Work item: Each entry below must be written out exactly, with pictures left out.

[Exercise input — start]

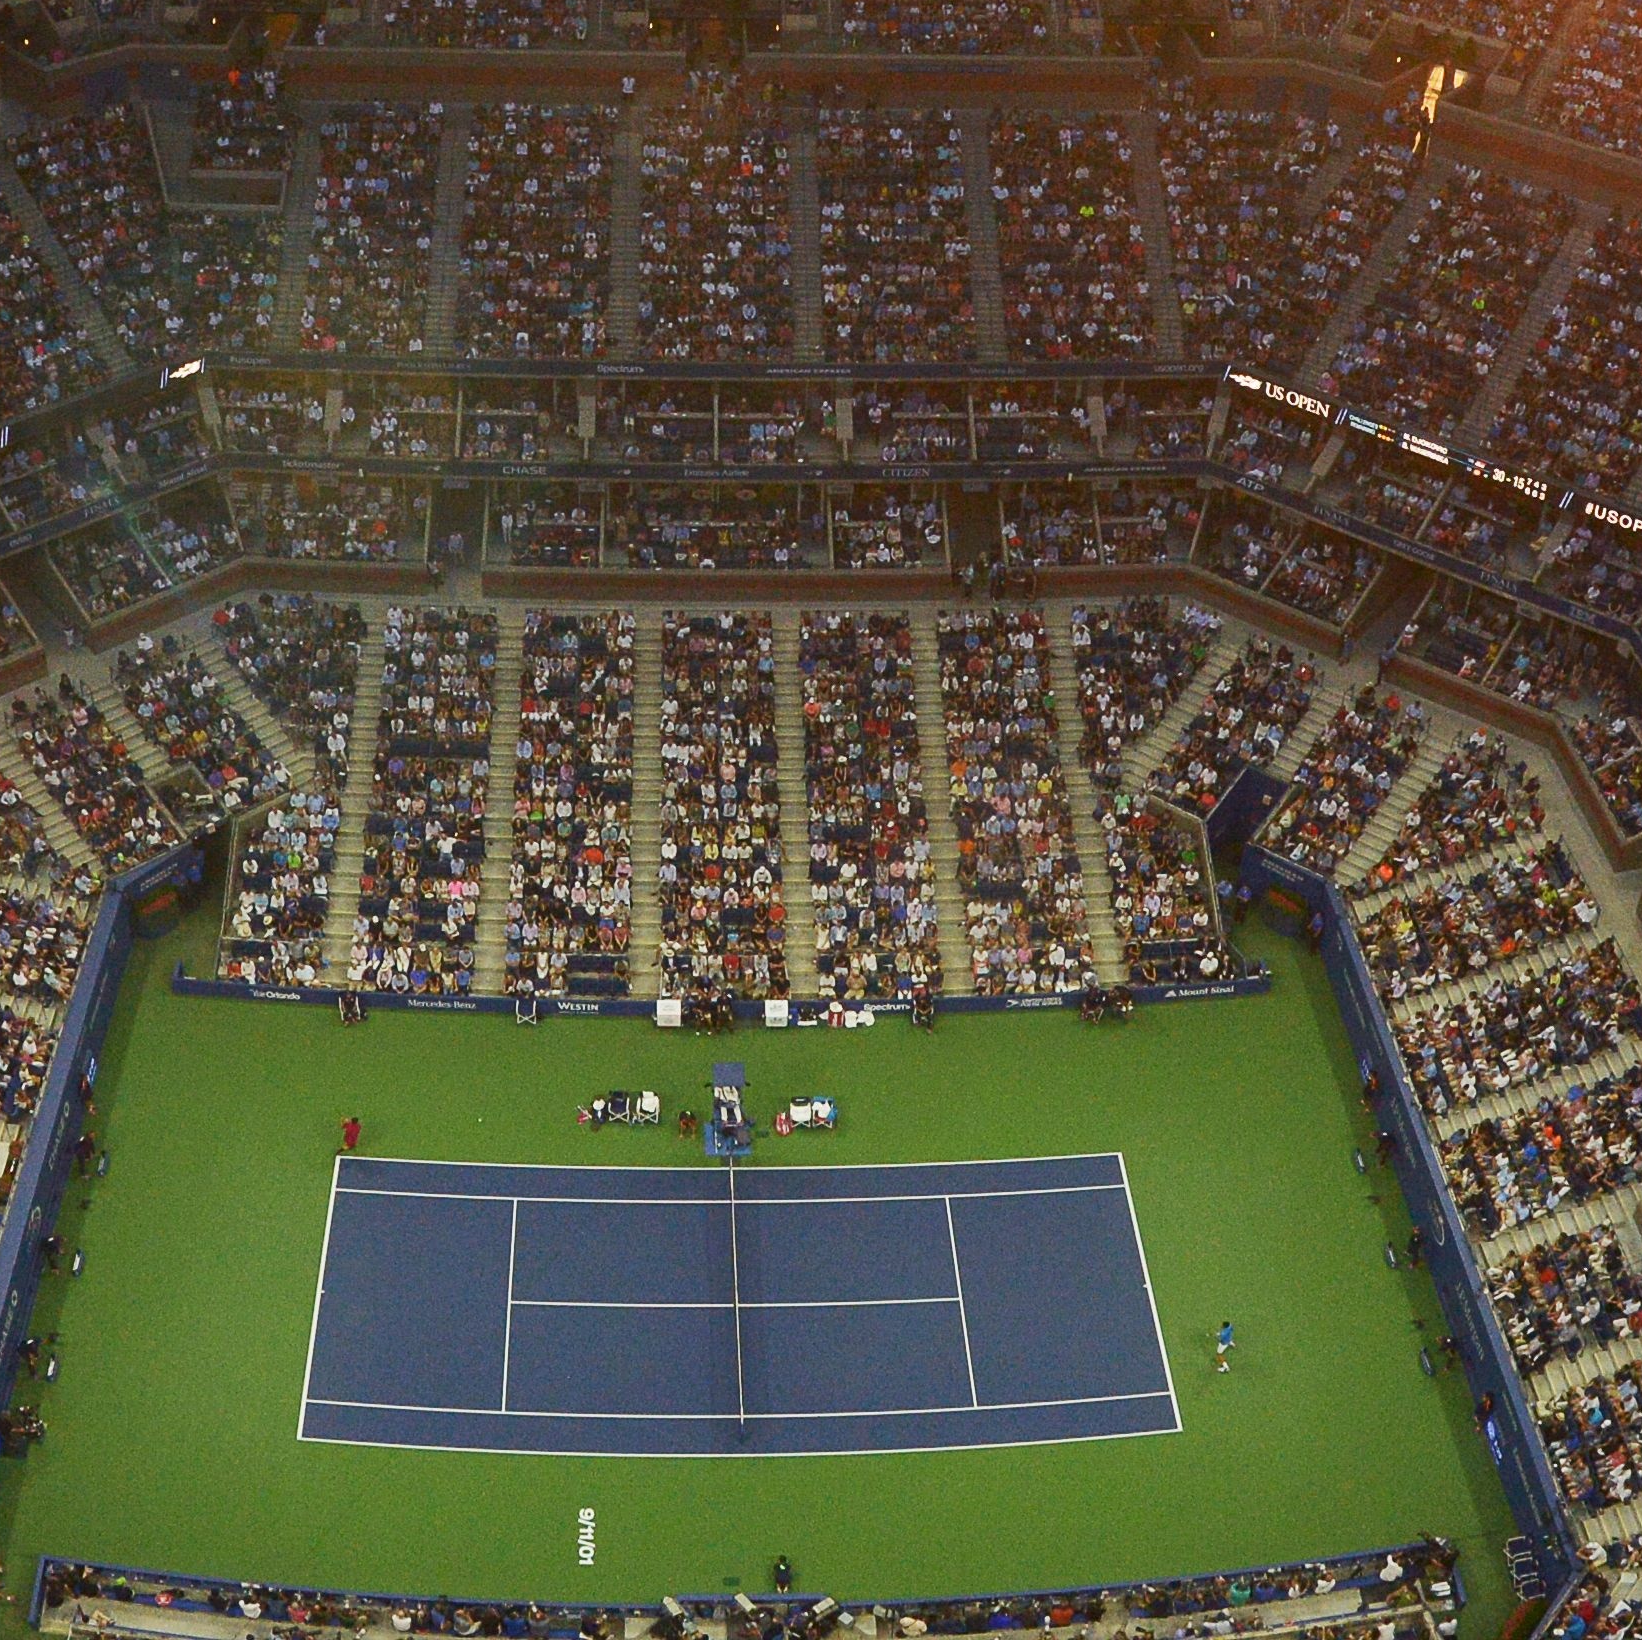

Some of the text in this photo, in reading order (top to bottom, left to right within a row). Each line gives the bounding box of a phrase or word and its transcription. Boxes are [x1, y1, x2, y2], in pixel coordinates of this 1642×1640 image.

[1265, 381, 1330, 418] US OPEN
[502, 463, 547, 476] CHASE
[881, 467, 930, 477] CITIZEN
[1235, 474, 1265, 493] ATP
[1492, 468, 1506, 483] 30
[1513, 475, 1525, 490] 15
[265, 991, 301, 1001] Orlando
[1179, 987, 1208, 997] Mount
[557, 1001, 599, 1012] WESTIN
[864, 1003, 906, 1014] Spectrum
[578, 1507, 596, 1566] 9/11/01

[Exercise input — finish]

Written response:
Some of the text in this photo, in reading order (top to bottom, left to right within a row). Each line gives the bounding box of a phrase or word and its transcription. Boxes are [x1, y1, x2, y2], in pixel coordinates of this 1642×1640 image.

[1265, 381, 1330, 418] US OPEN
[502, 463, 547, 476] CHASE
[881, 467, 930, 477] CITIZEN
[1235, 474, 1265, 493] ATP
[1492, 468, 1506, 483] 30
[1513, 475, 1525, 490] 15
[265, 991, 301, 1001] Orlando
[1179, 987, 1208, 997] Mount
[557, 1001, 599, 1012] WESTIN
[864, 1003, 906, 1014] Spectrum
[578, 1507, 596, 1566] 9/11/01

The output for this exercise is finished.